FRIDAY, OCTOBER 6,  2023

Noah Webster’s Dictionary for

Independence

NEW YORK ALMANACK

ISSUE#  1093

Noah Webster’s Dictionary for

Independence

“Federal Procession” of nearly 5,000 citizens marched through Lower Manhattan in celebration of the ratification of the Constitution. The Order of the Procession was divided in ten divisions representing various trades and professions. One of those involved in the manifestation was a young Federalist and lexicographer by the name of Noah Webster.

Noah was a member of the Philological Society of New York. Founded in March 1788 for the purpose of “improving the American Tongue,” the Society was eager to take part in the event. Solemnly dressed in black, the philologists paraded in the Ninth Division with lawyers, college students and merchants.

Members of the Society carried symbolic props with them, including a flag depicting the “Genius of America” crowned with a wreath of thirteen plumes representing the States that had ratified the Constitution; a scroll displaying the principles of a “Federal Language” (the text of which has not survived); and the Society’s coat of arms.

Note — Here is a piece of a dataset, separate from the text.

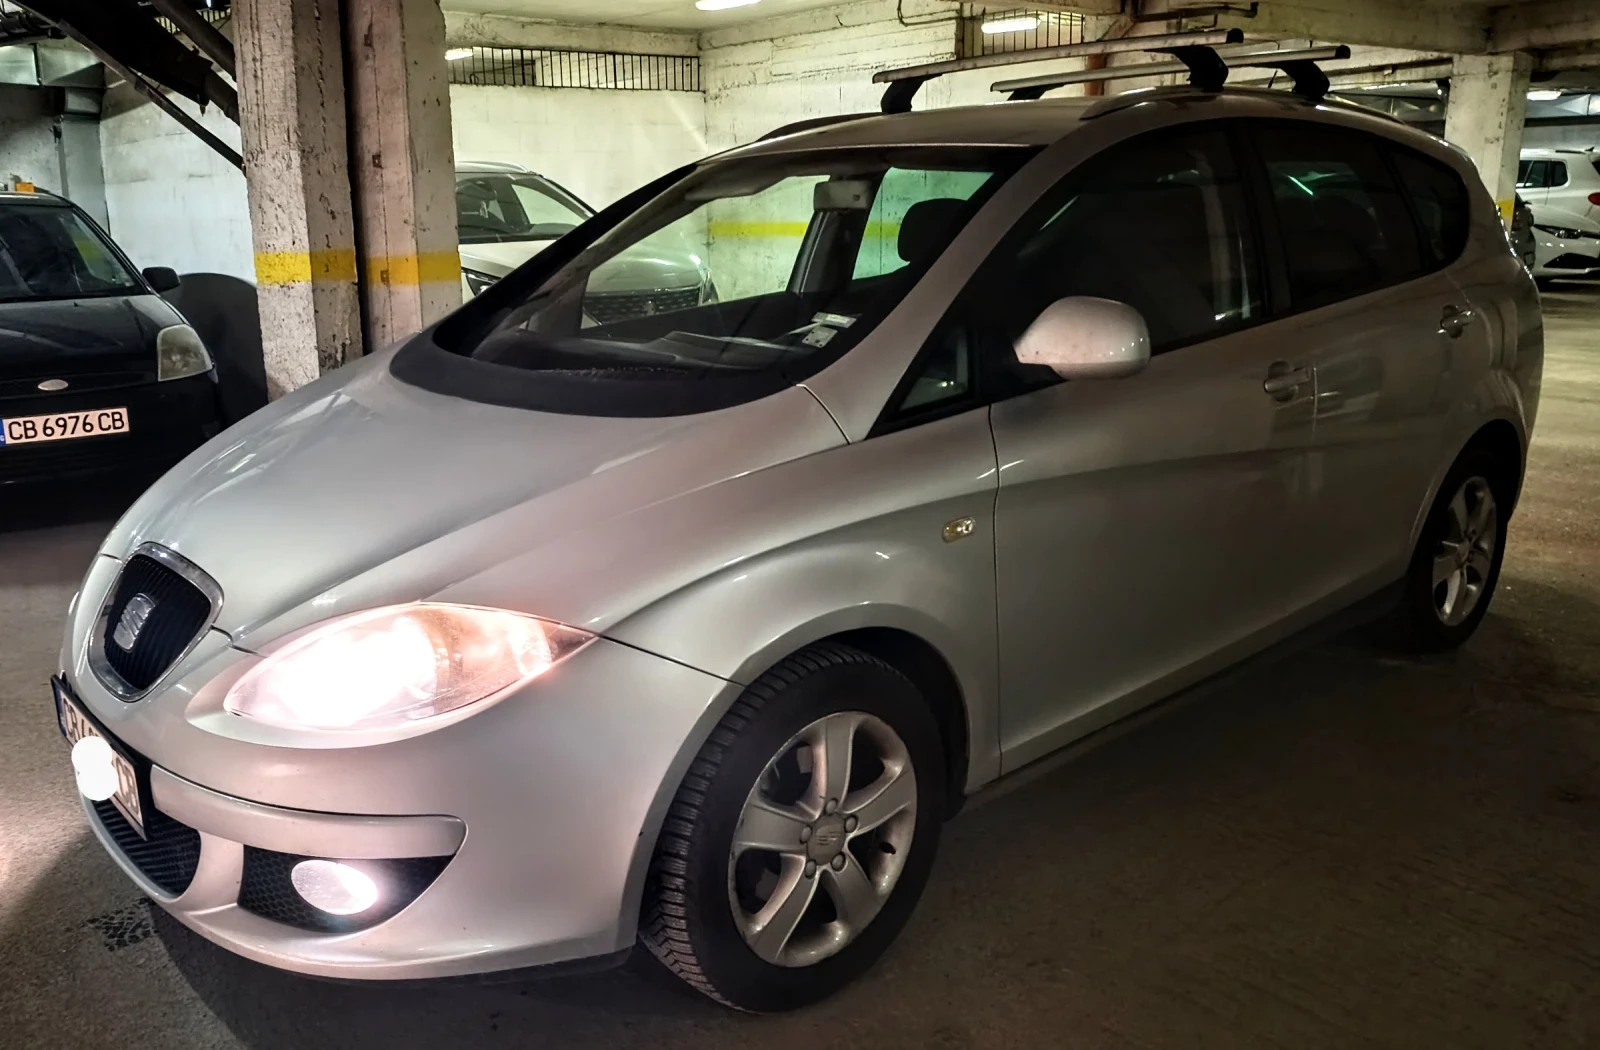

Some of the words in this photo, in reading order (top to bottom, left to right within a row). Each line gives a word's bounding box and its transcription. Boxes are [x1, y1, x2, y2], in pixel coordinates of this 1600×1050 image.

[8, 420, 38, 440] CB
[42, 414, 94, 437] 6976
[97, 411, 125, 432] CB
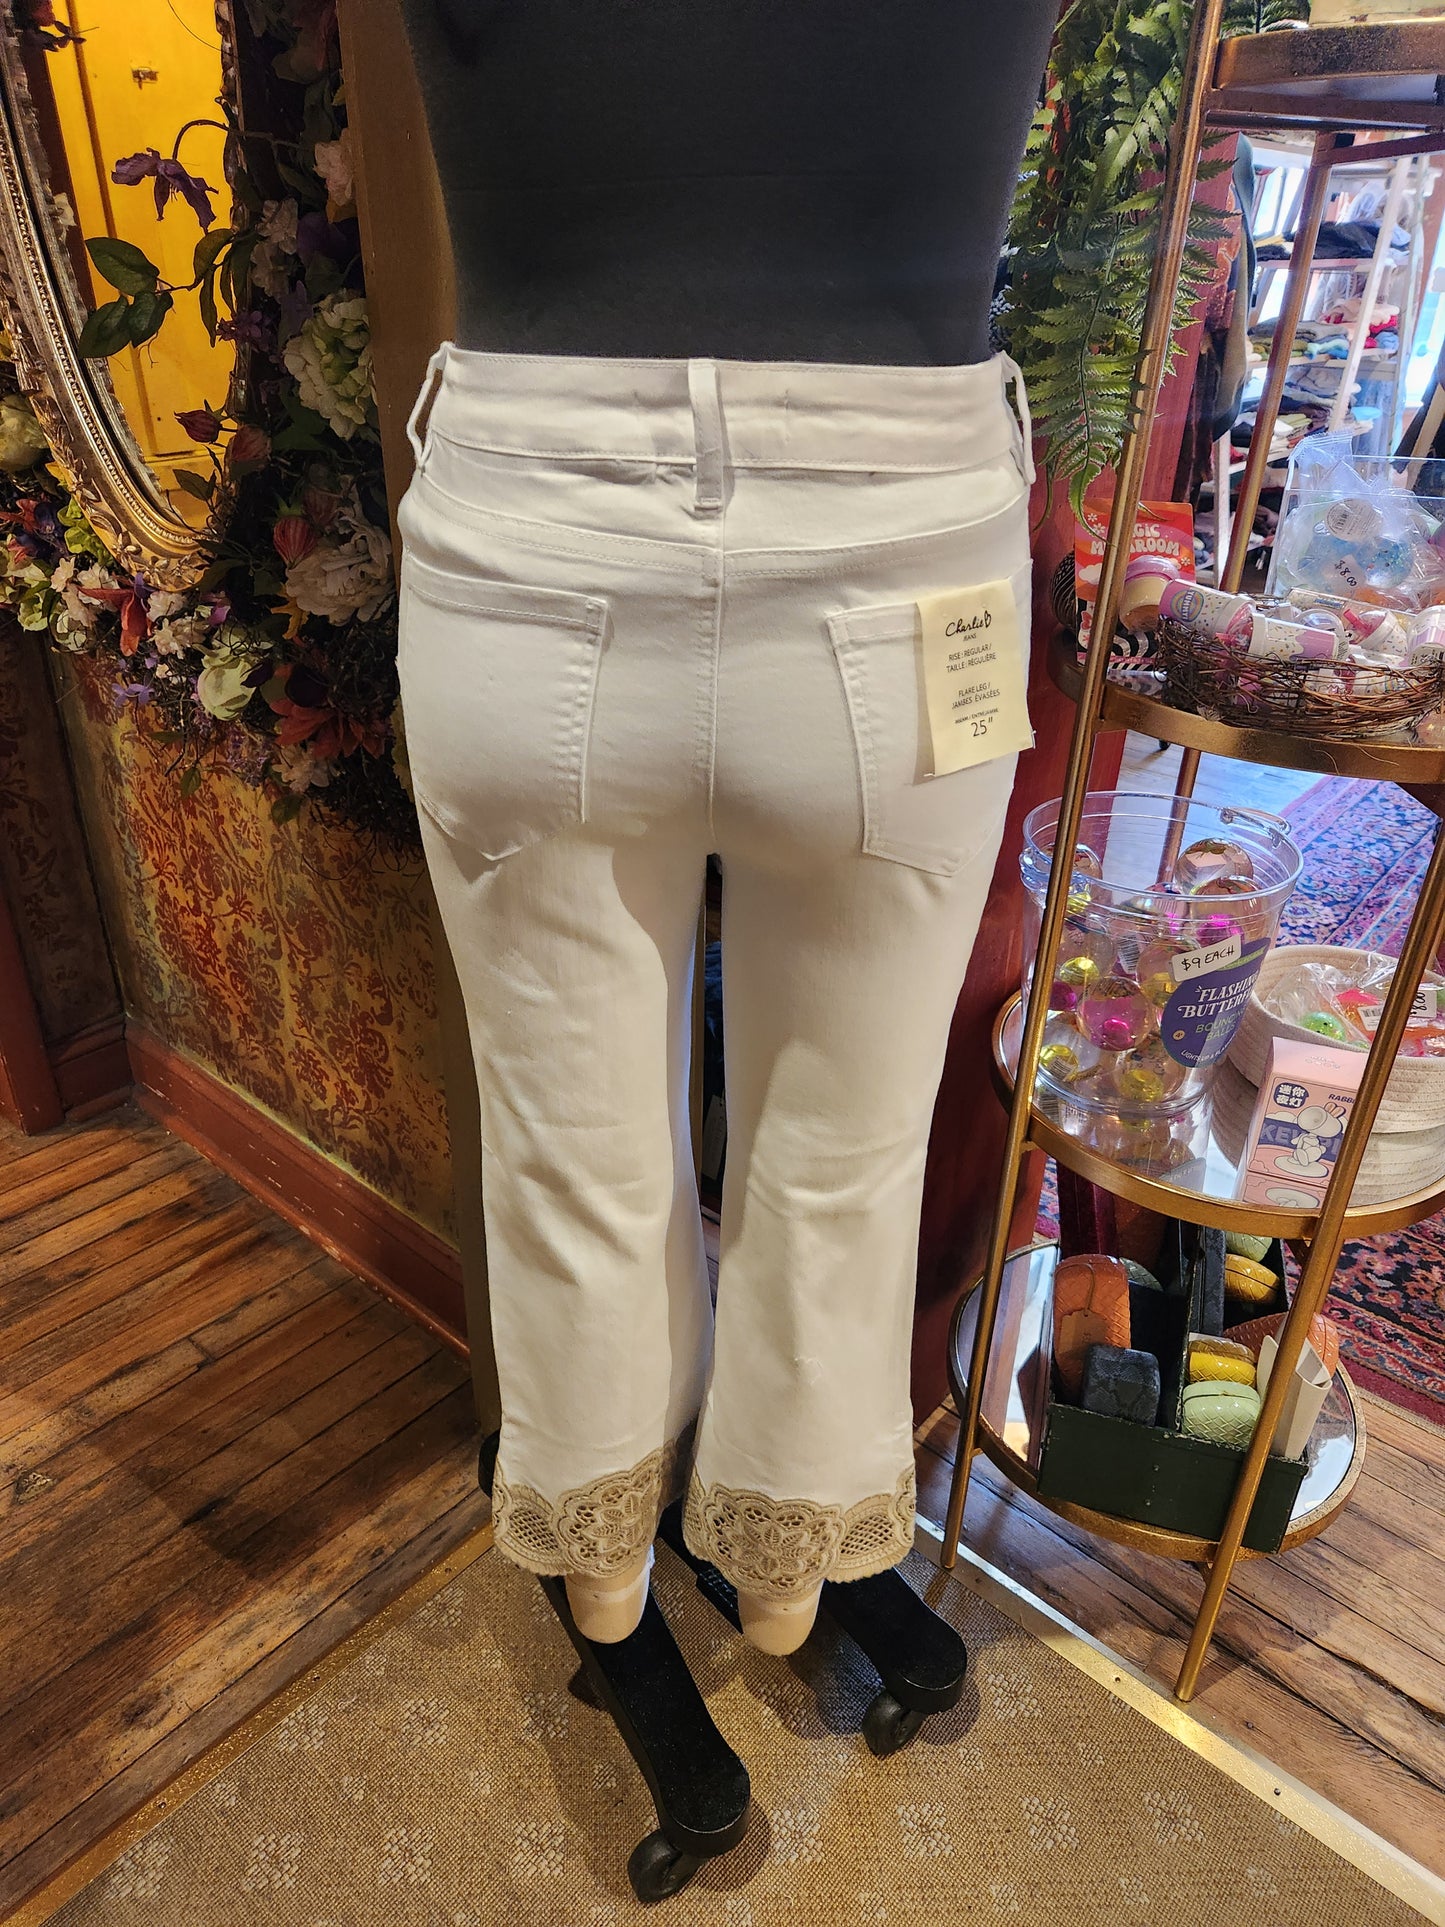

From his early Dissertation on the English Language (1789) to his landmark dictionary of 1828, Webster would present himself as an indefatigable champion of American English. His name has become synonymous with the words “dictionary” and “independence.”

Teaching & Textbooks

Born in West Hartford, Connecticut, Noah was the son of a farmer who mortgaged the family business to pay for his son’s law studies at Yale University. During his freshman year on June 29, 1775, he witnessed George Washington moving through New Haven on his way to Cambridge to take command of the American Army. Under Noah’s musical leadership (he was a talented flautist), students escorted the General through town.

After his graduation in 1778, Webster experienced uncertain career prospects. A supporter of the Revolution, he was – like other young rebels – unable to find work as a lawyer. Struggling to decide which profession to pursue, he discovered the writings of the English lexicographer Samuel Johnson and turned his talent to education. The flow of printed materials from London had stalled because of the war between Britain and the thirteen colonies. Schoolbooks were in short supply. Noah set about filling the gap.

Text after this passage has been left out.